PROBLEM TO SOLVE
All records below must be retyped exactly.

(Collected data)
***

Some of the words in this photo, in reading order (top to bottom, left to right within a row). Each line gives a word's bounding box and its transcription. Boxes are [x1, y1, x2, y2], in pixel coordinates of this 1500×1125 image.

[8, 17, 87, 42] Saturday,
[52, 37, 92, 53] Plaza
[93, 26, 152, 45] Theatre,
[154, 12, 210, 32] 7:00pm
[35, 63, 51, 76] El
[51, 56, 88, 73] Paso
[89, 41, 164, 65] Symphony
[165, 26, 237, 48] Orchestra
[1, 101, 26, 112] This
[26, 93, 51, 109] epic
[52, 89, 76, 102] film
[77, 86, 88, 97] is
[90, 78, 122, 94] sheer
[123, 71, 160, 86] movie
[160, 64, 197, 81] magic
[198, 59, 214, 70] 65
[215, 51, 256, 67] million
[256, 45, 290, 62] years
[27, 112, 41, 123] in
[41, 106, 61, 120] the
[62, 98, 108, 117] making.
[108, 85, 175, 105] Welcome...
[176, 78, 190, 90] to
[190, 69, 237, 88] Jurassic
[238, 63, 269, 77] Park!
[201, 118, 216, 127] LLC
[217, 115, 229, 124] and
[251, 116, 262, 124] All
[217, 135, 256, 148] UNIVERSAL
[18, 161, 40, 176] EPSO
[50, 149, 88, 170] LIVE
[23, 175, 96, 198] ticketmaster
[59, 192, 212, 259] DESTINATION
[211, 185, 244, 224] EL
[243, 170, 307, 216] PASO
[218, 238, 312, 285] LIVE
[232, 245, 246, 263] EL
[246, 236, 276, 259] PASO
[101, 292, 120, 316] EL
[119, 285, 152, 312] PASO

***

ANSWER SPACE
Some of the words in this photo, in reading order (top to bottom, left to right within a row). Each line gives a word's bounding box and its transcription. Boxes are [x1, y1, x2, y2], in pixel coordinates of this 1500×1125 image.

[8, 17, 87, 42] Saturday,
[52, 37, 92, 53] Plaza
[93, 26, 152, 45] Theatre,
[154, 12, 210, 32] 7:00pm
[35, 63, 51, 76] El
[51, 56, 88, 73] Paso
[89, 41, 164, 65] Symphony
[165, 26, 237, 48] Orchestra
[1, 101, 26, 112] This
[26, 93, 51, 109] epic
[52, 89, 76, 102] film
[77, 86, 88, 97] is
[90, 78, 122, 94] sheer
[123, 71, 160, 86] movie
[160, 64, 197, 81] magic
[198, 59, 214, 70] 65
[215, 51, 256, 67] million
[256, 45, 290, 62] years
[27, 112, 41, 123] in
[41, 106, 61, 120] the
[62, 98, 108, 117] making.
[108, 85, 175, 105] Welcome...
[176, 78, 190, 90] to
[190, 69, 237, 88] Jurassic
[238, 63, 269, 77] Park!
[201, 118, 216, 127] LLC
[217, 115, 229, 124] and
[251, 116, 262, 124] All
[217, 135, 256, 148] UNIVERSAL
[18, 161, 40, 176] EPSO
[50, 149, 88, 170] LIVE
[23, 175, 96, 198] ticketmaster
[59, 192, 212, 259] DESTINATION
[211, 185, 244, 224] EL
[243, 170, 307, 216] PASO
[218, 238, 312, 285] LIVE
[232, 245, 246, 263] EL
[246, 236, 276, 259] PASO
[101, 292, 120, 316] EL
[119, 285, 152, 312] PASO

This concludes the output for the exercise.